With a new school year ahead, this is a good time to review guidelines related to the concept of “reasonable assurance” for educational institutions and, in some states, nonprofits that provide educational support services. Reasonable assurance, commonly referred to in the industry as RA, is a regulation in each state’s unemployment law that provides for denial of benefits between successive academic terms (e.g. summer break) if there is a reasonable expectation of employment in a similar capacity in the subsequent term.
The general idea is that any employee who performs services for an educational institution, and who is temporarily laid off between academic terms or during an established and customary vacation period or holiday recess, has a likelihood of returning to a similar position. A common application of RA is when teachers are on summer recess and are scheduled to return to employment in the next school year. It does not apply to individuals that permanently separate through lack of work, voluntary resignation, or discharge.
Each state may have slightly different verbiage, but guidelines tend to be similar to the following:
Benefits based on service in an educational institution are not payable to an individual in any week of unemployment which begins during the period between two successive academic years or terms and there is a reasonable assurance that the individual will perform services in the same or a similar capacity in the second year or term.
Reasonable assurance applies to vacation and holiday periods scheduled within the school year
Employers often think that RA is an issue to address at the close of the school year. And although it relates to providing individuals with the “reasonable assurance” of returning to work the following school year, RA also applies to periods between individual terms and customarily scheduled vacation or holiday periods.
The language found in a majority of reasonable assurance laws appears similar to the following:
Benefits may not be paid to an individual for a week that begins during an established and customary vacation period or holiday recess, if the individual performs the services in the period immediately before the vacation or holiday and there is a reasonable assurance that the individual will again perform such services after the vacation or holiday.
Every state has minor differences in the way that reasonable assurance law is interpreted, including the way that an educational employer, or education institution, is defined.
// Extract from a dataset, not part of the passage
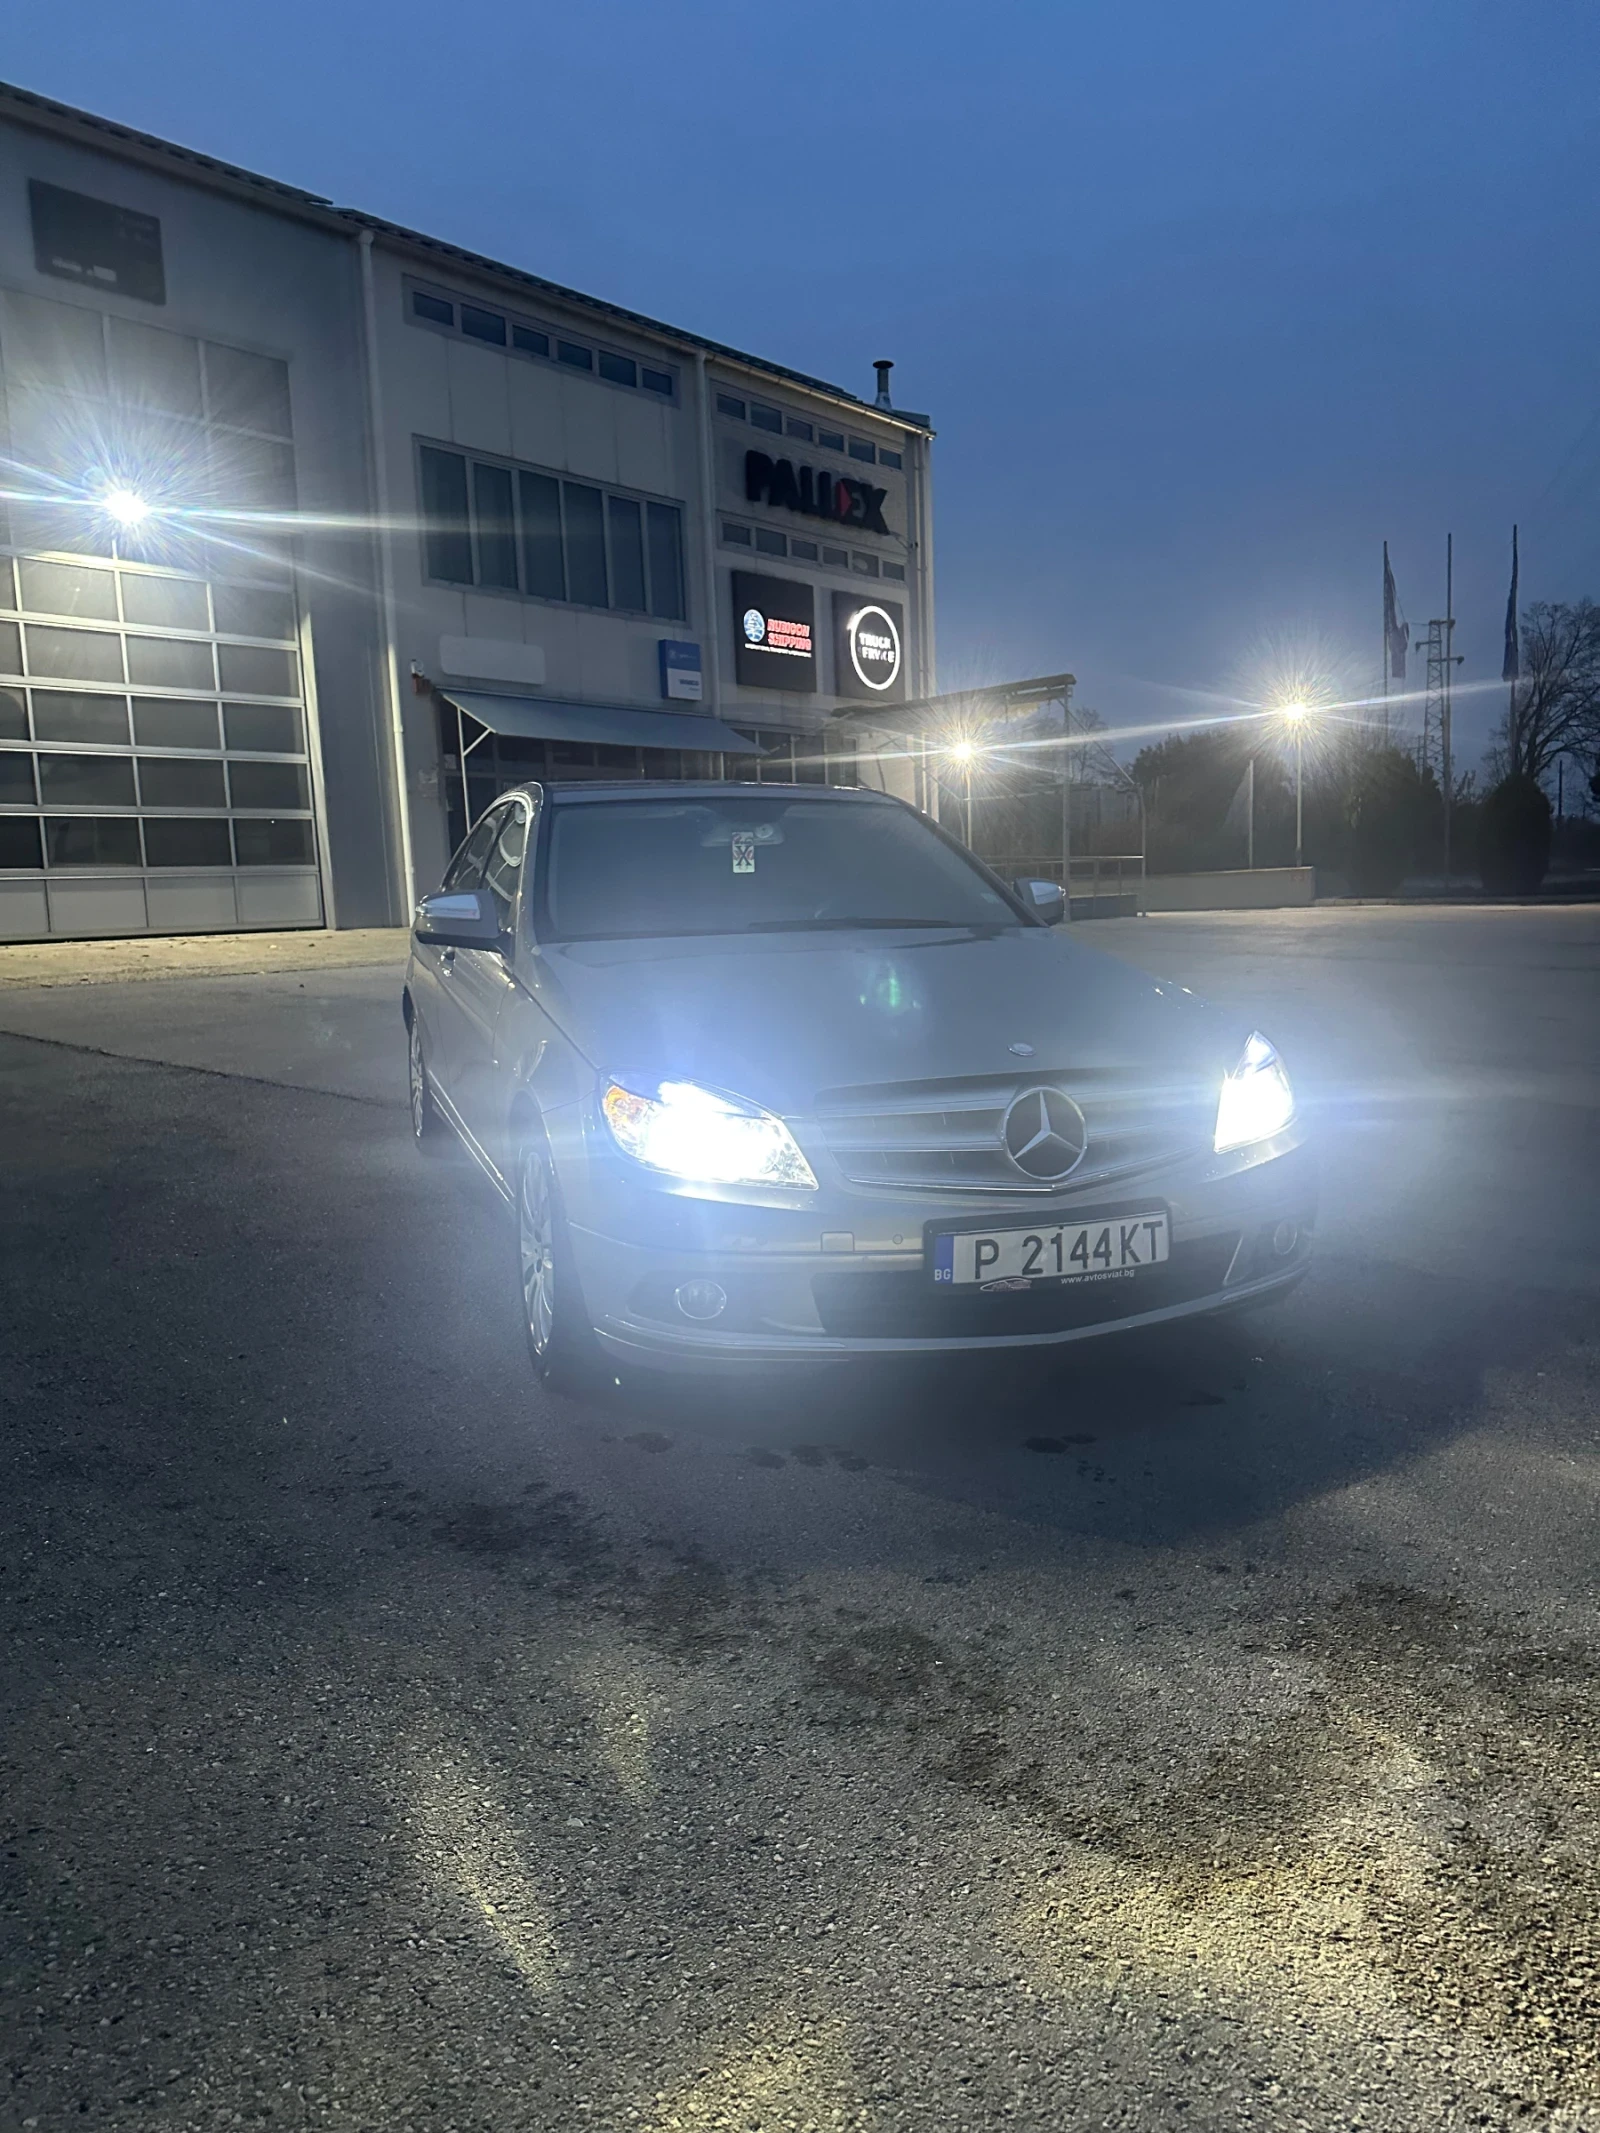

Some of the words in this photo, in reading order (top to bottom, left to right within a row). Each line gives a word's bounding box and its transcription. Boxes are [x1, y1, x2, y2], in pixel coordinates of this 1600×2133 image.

Please note that, in addition to school employees, this concept may also apply to employees of nonprofits who perform services to, or on behalf of, an educational institution in a limited number of states such as CA, NJ, VA and WI to name a few.
Something to keep in mind is that when an individual is denied benefits because of RA, and if that person is not given an opportunity to work in the second year or term or upon returning from a vacation or holiday period, that person may still be able to claim retroactive benefit payments.
Notifying employees of reasonable assurance
It is strongly recommended that RA be given in written form, although it is not required. Written notification would enable you to provide indisputable documentation, if needed, to defend yourself against claims for unemployment benefits.
Any letter or form provided should include the following elements:
- Employee’s name
- Verbiage clearly stating that the individual is being given reasonable assurance of returning to work for the specific school year involved, as well as any scheduled vacation or holiday periods contained within
- Employer’s name
- The school year’s start and end dates
- Scheduled school year vacation dates or holiday periods
- The issuer’s name and job title, and ensuring that the notice comes from an individual who is authorized to issue reasonable assurance but not authorized to enter into a contract
- Conspicuous statement of the following: “This notification is not intended to create a contract of employment or to alter an existing contract of employment, if any.”
Save a copy of all RA letters that are provided to your employees. Also request a signed copy, or retain a signed verification of receipt.
When contacted by your unemployment insurance consultant, be sure to advise her if the worker has RA to return following the break and provide a copy of the RA letter. While written notification is not a requirement, its usage is strongly encouraged and can strengthen the unemployment case.
It is important to note that if the offer of subsequent employment following the break is subject to a contingency such as funding, enrollment, or program changes, then RA does not apply and cannot be pursued.